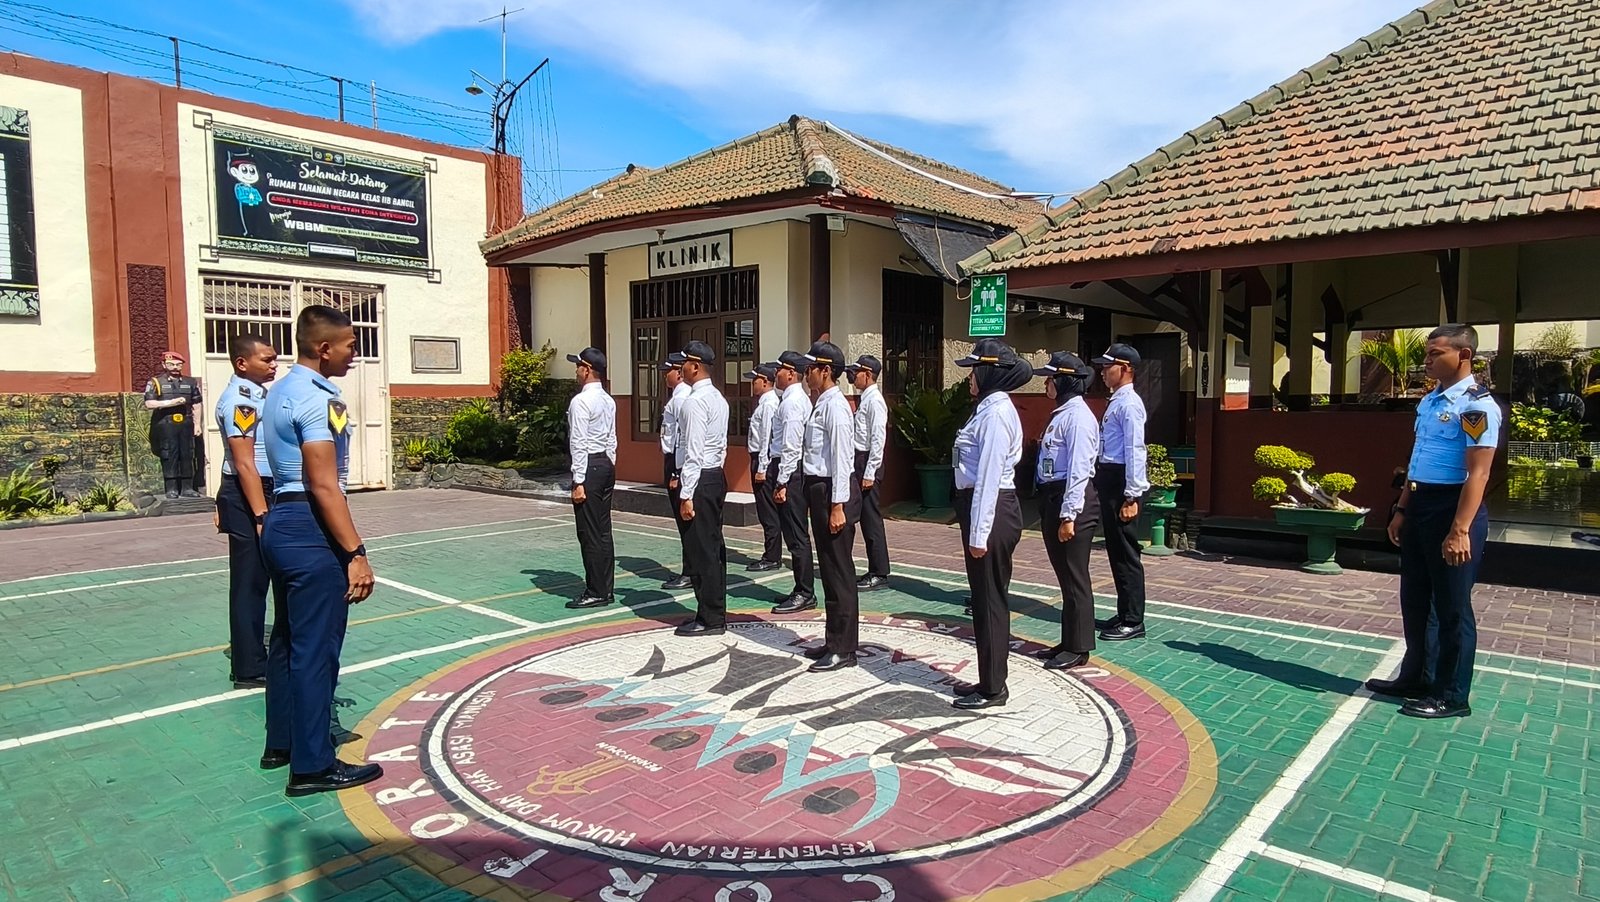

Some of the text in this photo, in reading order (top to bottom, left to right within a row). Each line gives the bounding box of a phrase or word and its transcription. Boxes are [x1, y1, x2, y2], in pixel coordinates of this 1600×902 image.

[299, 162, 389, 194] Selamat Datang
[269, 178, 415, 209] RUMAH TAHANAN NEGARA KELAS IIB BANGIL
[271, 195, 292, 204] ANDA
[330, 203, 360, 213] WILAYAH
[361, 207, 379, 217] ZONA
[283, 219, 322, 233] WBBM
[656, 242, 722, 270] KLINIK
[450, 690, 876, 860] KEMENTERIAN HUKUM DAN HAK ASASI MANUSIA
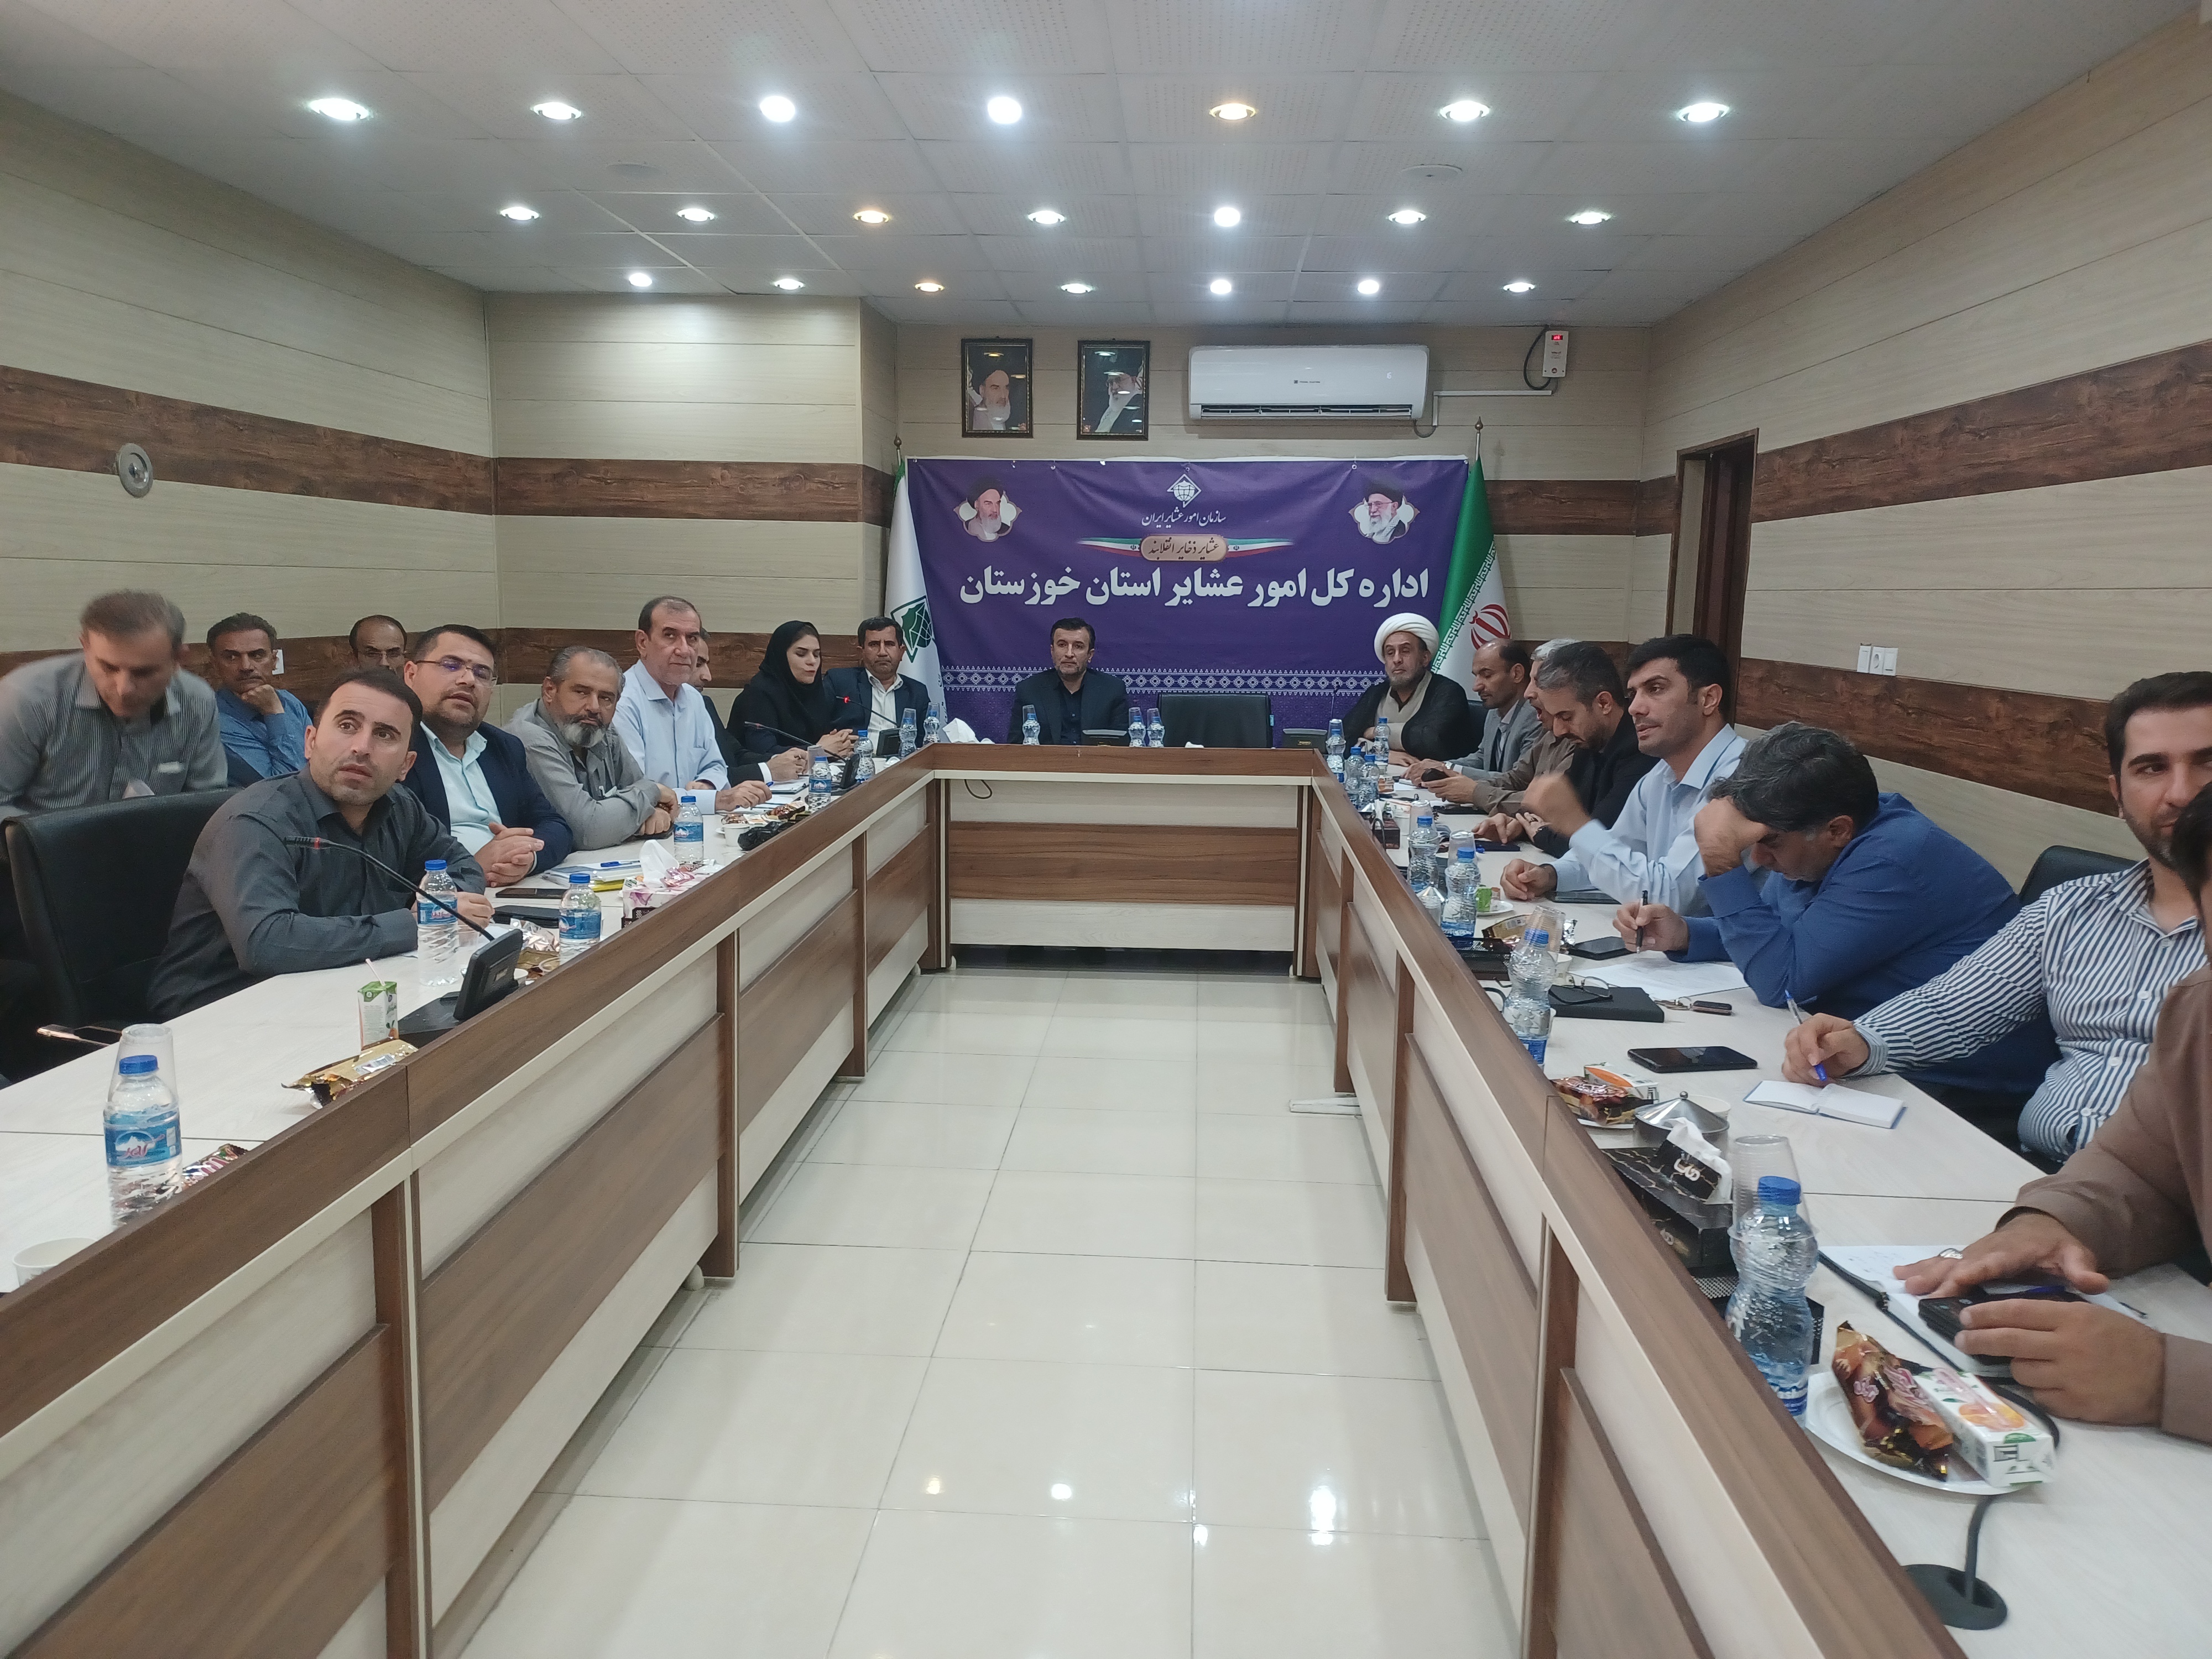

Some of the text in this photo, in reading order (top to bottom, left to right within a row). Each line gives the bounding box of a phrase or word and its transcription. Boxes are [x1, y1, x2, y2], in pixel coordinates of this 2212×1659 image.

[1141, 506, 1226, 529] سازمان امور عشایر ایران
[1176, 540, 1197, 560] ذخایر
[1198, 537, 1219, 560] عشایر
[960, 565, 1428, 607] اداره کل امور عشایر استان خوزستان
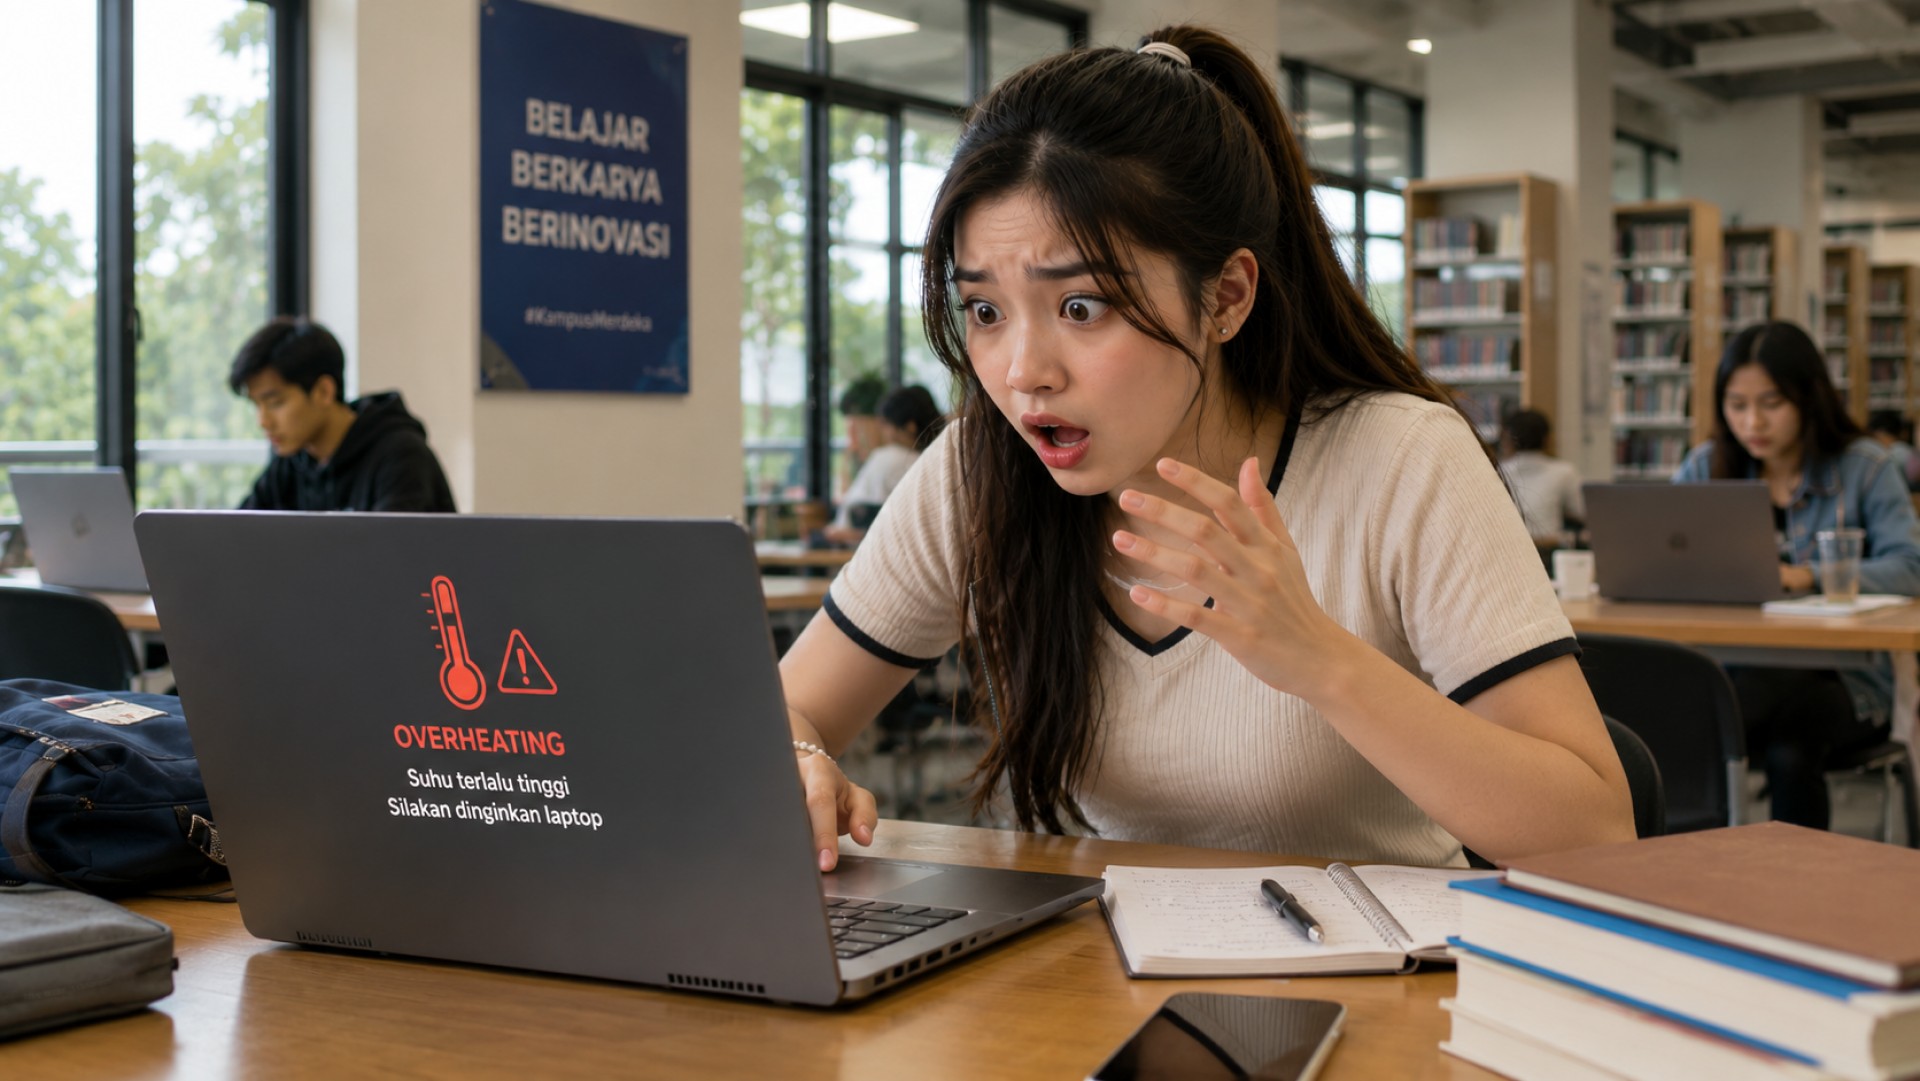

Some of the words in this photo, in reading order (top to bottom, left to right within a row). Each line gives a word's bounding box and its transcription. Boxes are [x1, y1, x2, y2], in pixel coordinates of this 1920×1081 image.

+===+

**Task description**
Set down the material once more, exactly, with the pictures omitted.

**Written reply**
Some of the text in this photo, in reading order (top to bottom, left to right within a row). Each line gives the bounding box of a phrase or word and its transcription. Boxes are [x1, y1, x2, y2], in pixel coordinates of this 1600×902 image.

[299, 162, 389, 194] Selamat Datang
[269, 178, 415, 209] RUMAH TAHANAN NEGARA KELAS IIB BANGIL
[271, 195, 292, 204] ANDA
[330, 203, 360, 213] WILAYAH
[361, 207, 379, 217] ZONA
[283, 219, 322, 233] WBBM
[656, 242, 722, 270] KLINIK
[450, 690, 876, 860] KEMENTERIAN HUKUM DAN HAK ASASI MANUSIA

Some of the text in this photo, in reading order (top to bottom, left to right within a row). Each line gives the bounding box of a phrase or word and its transcription. Boxes are [x1, y1, x2, y2], in pixel coordinates of this 2212×1659 image.

[1141, 506, 1226, 529] سازمان امور عشایر ایران
[1176, 540, 1197, 560] ذخایر
[1198, 537, 1219, 560] عشایر
[960, 565, 1428, 607] اداره کل امور عشایر استان خوزستان

Some of the words in this photo, in reading order (top to bottom, left to right within a row). Each line gives a word's bounding box and its transcription. Boxes are [x1, y1, x2, y2], in pixel coordinates of this 1920×1081 image.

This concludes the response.